> _WHAT IS BEING ASKED_
Retype the records below so that each one matches exactly.

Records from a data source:
★ ★ ★ ★ ★ ★ ★

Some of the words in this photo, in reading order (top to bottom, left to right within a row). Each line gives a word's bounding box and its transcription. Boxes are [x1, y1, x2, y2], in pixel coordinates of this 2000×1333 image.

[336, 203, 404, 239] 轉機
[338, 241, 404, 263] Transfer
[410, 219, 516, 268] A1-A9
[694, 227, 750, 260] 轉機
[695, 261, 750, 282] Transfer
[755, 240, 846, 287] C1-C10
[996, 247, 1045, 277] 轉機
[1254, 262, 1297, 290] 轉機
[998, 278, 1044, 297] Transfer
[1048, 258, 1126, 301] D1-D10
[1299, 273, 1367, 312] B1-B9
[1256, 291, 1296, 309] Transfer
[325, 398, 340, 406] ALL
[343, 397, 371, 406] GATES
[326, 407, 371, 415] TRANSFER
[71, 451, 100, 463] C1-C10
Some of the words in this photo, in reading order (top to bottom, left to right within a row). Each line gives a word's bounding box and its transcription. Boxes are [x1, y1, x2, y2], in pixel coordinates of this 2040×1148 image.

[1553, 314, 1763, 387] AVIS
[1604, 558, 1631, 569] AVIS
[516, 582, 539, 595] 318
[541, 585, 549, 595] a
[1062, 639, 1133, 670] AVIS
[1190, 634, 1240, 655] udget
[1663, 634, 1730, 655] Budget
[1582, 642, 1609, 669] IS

★ ★ ★ ★ ★ ★ ★

> _TASK RESULT_
Some of the words in this photo, in reading order (top to bottom, left to right within a row). Each line gives a word's bounding box and its transcription. Boxes are [x1, y1, x2, y2], in pixel coordinates of this 2000×1333 image.

[336, 203, 404, 239] 轉機
[338, 241, 404, 263] Transfer
[410, 219, 516, 268] A1-A9
[694, 227, 750, 260] 轉機
[695, 261, 750, 282] Transfer
[755, 240, 846, 287] C1-C10
[996, 247, 1045, 277] 轉機
[1254, 262, 1297, 290] 轉機
[998, 278, 1044, 297] Transfer
[1048, 258, 1126, 301] D1-D10
[1299, 273, 1367, 312] B1-B9
[1256, 291, 1296, 309] Transfer
[325, 398, 340, 406] ALL
[343, 397, 371, 406] GATES
[326, 407, 371, 415] TRANSFER
[71, 451, 100, 463] C1-C10
Some of the words in this photo, in reading order (top to bottom, left to right within a row). Each line gives a word's bounding box and its transcription. Boxes are [x1, y1, x2, y2], in pixel coordinates of this 2040×1148 image.

[1553, 314, 1763, 387] AVIS
[1604, 558, 1631, 569] AVIS
[516, 582, 539, 595] 318
[541, 585, 549, 595] a
[1062, 639, 1133, 670] AVIS
[1190, 634, 1240, 655] udget
[1663, 634, 1730, 655] Budget
[1582, 642, 1609, 669] IS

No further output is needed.